British history, it seems, is not ready to end quite yet. Who would have thought it? When, more than 20 years ago, the "task force," Margaret Thatcher's marvelous makeshift armada, returned from its Falklands victory to cheers, tears, and Union Jacks on the quayside, Brits were told that it was, at last, goodbye to all that. The curtain had fallen, chaps, and there was no time for an encore. The rascally, glittering, wicked, and glorious age of empire was finally done, finished, buried, and anathematized -- exchanged for the obligations of a grayer, more sober era.

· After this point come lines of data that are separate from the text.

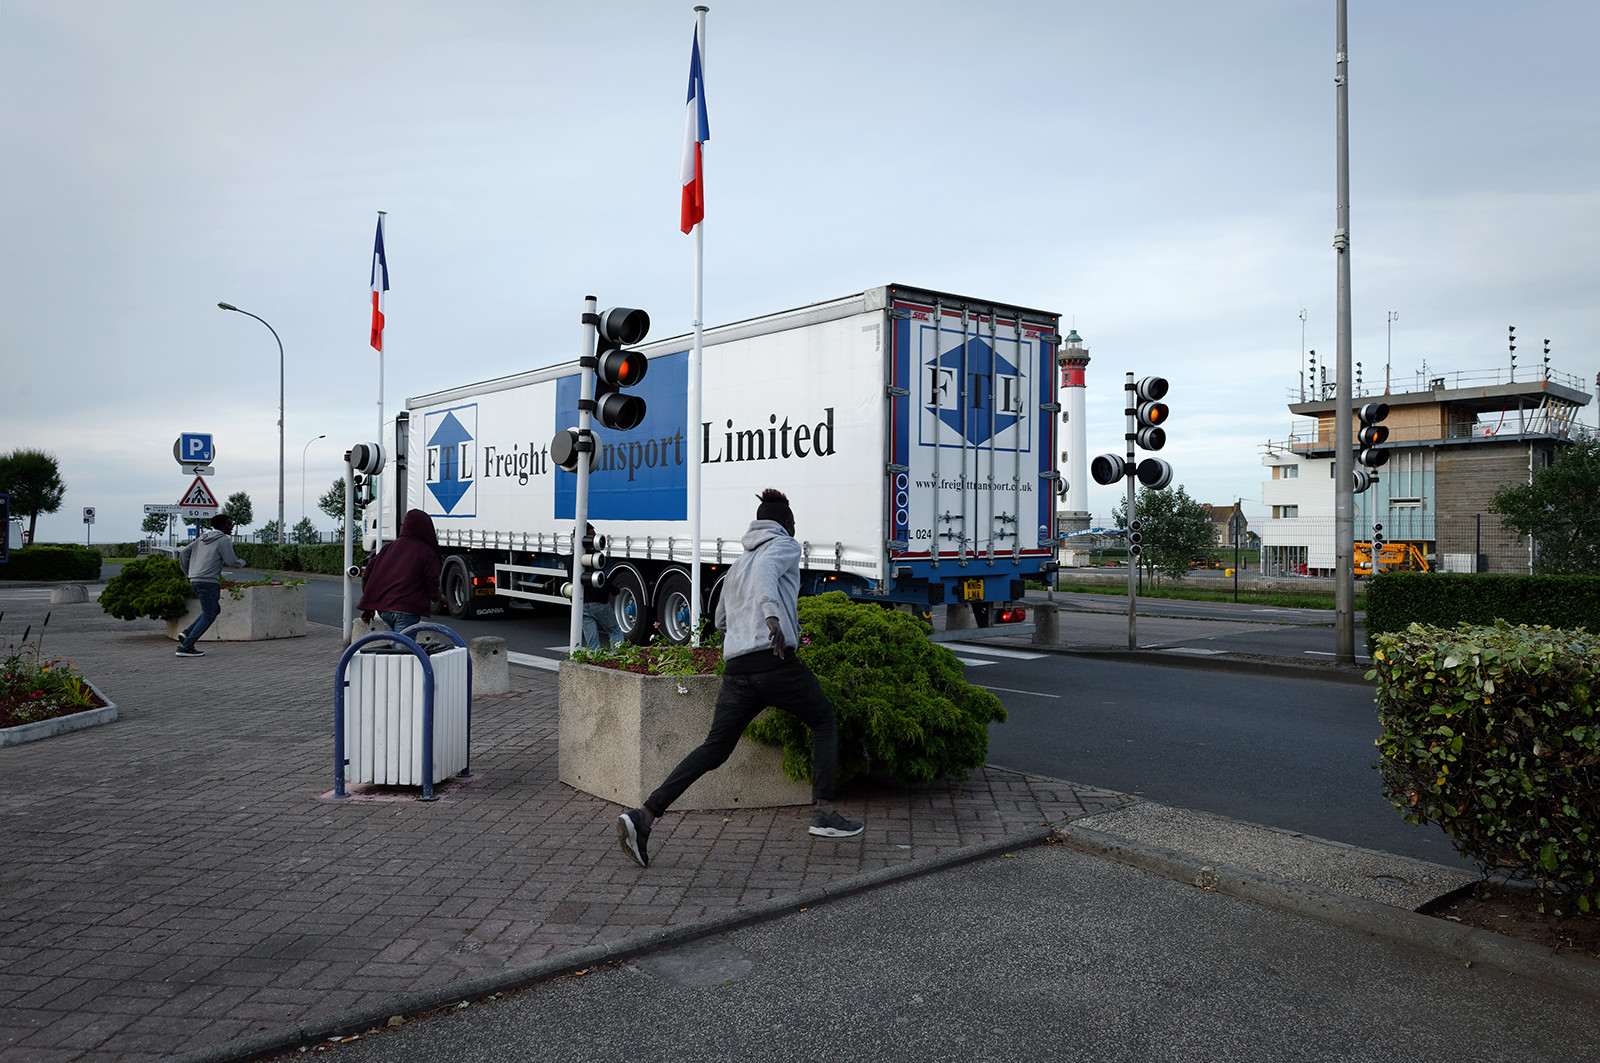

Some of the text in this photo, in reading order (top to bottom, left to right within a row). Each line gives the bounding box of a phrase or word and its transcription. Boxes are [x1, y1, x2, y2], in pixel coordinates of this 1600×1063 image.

[927, 367, 1023, 413] FTL
[190, 438, 204, 456] P
[484, 407, 836, 486] Freight nsport Limited
[426, 443, 474, 481] FTL
[897, 529, 932, 540] FTL 024
[476, 607, 504, 616] SCANIA

And so, it seemed, was the British military. The downsized heirs of Kipling's rough-and-tumble conquistadors were destined now for the shrunken campaigns of a mid-sized European power, fighting budget cuts at home, terrorists in Belfast, and boredom in West Germany as they waited, and watched, and waited some more for the Red Army that never came.

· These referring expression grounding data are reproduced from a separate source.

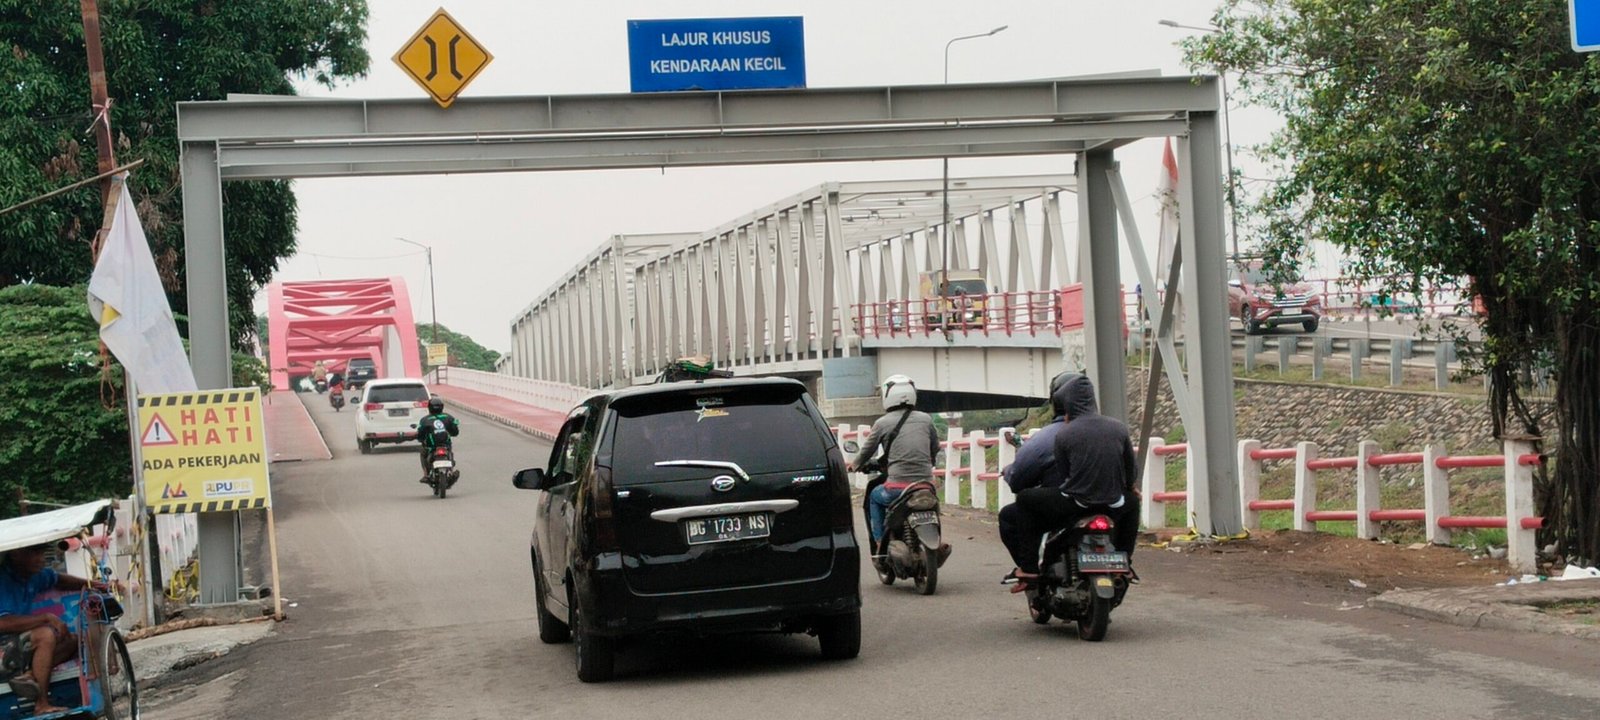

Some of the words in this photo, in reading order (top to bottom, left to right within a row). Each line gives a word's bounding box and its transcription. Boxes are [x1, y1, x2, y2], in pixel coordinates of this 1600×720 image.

[661, 32, 709, 46] LAJUR
[713, 30, 771, 45] KHUSUS
[651, 58, 741, 73] KENDARAAN
[744, 57, 786, 71] KECIL
[180, 406, 250, 425] HATI
[182, 426, 253, 446] HATI
[143, 458, 174, 471] ADA
[178, 453, 261, 469] PEKERJAAN
[688, 520, 706, 537] BG
[714, 517, 741, 533] 1733
[748, 515, 765, 530] NS

After the Wall came down, so did the money that the U.K. was prepared to spend on its military. A defense "review," carrying the sort of bland, vaguely threatening name -- "Options for Change" -- that is more McKinsey & Co. than Sandhurst, saw the size of the army reduced by a little under one-third: to not much more than 100,000 men. Regiments were merged or disbanded, often with startlingly little sentiment. To take just one example, the 16th/5th Lancers, a regiment with roots that stretched back over 300 years, led the way into Iraq in February 1991, yet within two years found its proud name on the scrap pile, lost in a merger with little patience for the past.

Yet, somehow, the past has endured, taught in every recruit's basic training and nourished by a system that is the British army's greatest strength: the regiment. To borrow the words of Field Marshal Wavell, "The regiment is the foundation of everything." The concept of the regiment stems from the fact that recruitment was once organized on a local basis, but its survival as an institution owes a great deal to one crucial psychological insight: Men may enlist to serve their country, but they will fight hardest to protect their friends. Most British soldiers spend their entire career within the same regiment -- over the years it becomes their principal source of friendship, their clan, their community, almost a surrogate family.

This sense of community is intensified still further by the British army's perception of itself as a caste set somewhat apart from the rest of society. Currently the army is, as it has been for much of British history, made up entirely of volunteers. The notion of the citizen soldier has been rejected in favor of the creation of a smallish force of highly trained professionals. This professionalism is a source of enormous pride to the troops, something Donald Rumsfeld may have discovered if he paid heed to Sgt. McMenamy of the Queen's Royal Lancers in early March. After hearing misinterpreted reports that the defense secretary was considering either leaving the Brits behind or giving them a secondary role in the coming conflict, the sergeant (described by the London Times as an "intimidating figure") was quoted as saying: "We are second to none, so it's a bit cheeky to suggest we can't be trusted to fight in the front line." ("A bit cheeky," let's be clear, is a classic example of British understatement.)

Like any community, the regiment has its own institutional memory that, added to the shared experience of highly intensive training and active duty, binds together the current generation and develops a sense of collective identity far more effectively than abstract notions of patriotism ever could. Visit the headquarters of a British regiment, and there will almost certainly be a museum dedicated to its past campaigns; dine in its officers' mess and you will, in all probability, eat amid the portraits and the heirlooms of those who came before -- silver from India, perhaps, or a tattered banner from one of Napoleon's lost legions.